WHAT YOU SHOULD DO - Lines from the one containing "this 1920×1081 image." through the end of the data below are to be transcribed exactly; leave out all others.

Extracted data entries
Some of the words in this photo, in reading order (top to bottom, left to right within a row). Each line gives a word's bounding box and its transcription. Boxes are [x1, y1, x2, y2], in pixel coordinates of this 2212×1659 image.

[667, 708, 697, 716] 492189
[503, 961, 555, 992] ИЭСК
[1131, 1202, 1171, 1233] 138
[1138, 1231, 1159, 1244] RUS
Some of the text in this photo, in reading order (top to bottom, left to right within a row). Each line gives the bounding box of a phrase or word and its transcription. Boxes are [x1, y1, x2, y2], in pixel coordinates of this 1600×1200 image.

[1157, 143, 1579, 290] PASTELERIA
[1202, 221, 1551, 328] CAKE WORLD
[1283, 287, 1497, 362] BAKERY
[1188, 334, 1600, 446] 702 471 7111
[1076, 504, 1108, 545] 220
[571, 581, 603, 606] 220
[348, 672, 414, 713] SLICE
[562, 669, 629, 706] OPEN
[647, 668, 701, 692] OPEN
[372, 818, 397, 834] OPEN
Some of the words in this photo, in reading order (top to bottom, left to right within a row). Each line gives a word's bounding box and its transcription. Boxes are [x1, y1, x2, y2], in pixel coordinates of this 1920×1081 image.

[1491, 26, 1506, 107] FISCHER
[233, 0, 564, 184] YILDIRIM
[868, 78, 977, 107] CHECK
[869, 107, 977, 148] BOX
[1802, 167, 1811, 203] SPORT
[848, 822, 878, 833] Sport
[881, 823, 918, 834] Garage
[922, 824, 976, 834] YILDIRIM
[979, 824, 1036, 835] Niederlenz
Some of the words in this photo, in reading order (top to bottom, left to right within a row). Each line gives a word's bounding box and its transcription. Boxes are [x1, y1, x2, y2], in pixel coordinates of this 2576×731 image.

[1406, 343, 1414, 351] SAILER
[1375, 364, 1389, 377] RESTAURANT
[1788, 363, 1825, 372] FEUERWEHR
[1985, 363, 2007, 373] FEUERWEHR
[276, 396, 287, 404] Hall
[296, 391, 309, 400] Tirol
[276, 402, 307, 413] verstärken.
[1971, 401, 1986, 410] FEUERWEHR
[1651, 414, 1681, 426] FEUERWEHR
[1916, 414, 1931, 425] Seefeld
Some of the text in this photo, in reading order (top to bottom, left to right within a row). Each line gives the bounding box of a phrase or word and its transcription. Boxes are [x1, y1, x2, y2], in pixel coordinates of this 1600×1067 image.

ANSWER TO THIS EXERCISE -
Some of the words in this photo, in reading order (top to bottom, left to right within a row). Each line gives a word's bounding box and its transcription. Boxes are [x1, y1, x2, y2], in pixel coordinates of this 1920×1081 image.

[1491, 26, 1506, 107] FISCHER
[233, 0, 564, 184] YILDIRIM
[868, 78, 977, 107] CHECK
[869, 107, 977, 148] BOX
[1802, 167, 1811, 203] SPORT
[848, 822, 878, 833] Sport
[881, 823, 918, 834] Garage
[922, 824, 976, 834] YILDIRIM
[979, 824, 1036, 835] Niederlenz
Some of the words in this photo, in reading order (top to bottom, left to right within a row). Each line gives a word's bounding box and its transcription. Boxes are [x1, y1, x2, y2], in pixel coordinates of this 2576×731 image.

[1406, 343, 1414, 351] SAILER
[1375, 364, 1389, 377] RESTAURANT
[1788, 363, 1825, 372] FEUERWEHR
[1985, 363, 2007, 373] FEUERWEHR
[276, 396, 287, 404] Hall
[296, 391, 309, 400] Tirol
[276, 402, 307, 413] verstärken.
[1971, 401, 1986, 410] FEUERWEHR
[1651, 414, 1681, 426] FEUERWEHR
[1916, 414, 1931, 425] Seefeld
Some of the text in this photo, in reading order (top to bottom, left to right within a row). Each line gives the bounding box of a phrase or word and its transcription. Boxes are [x1, y1, x2, y2], in pixel coordinates of this 1600×1067 image.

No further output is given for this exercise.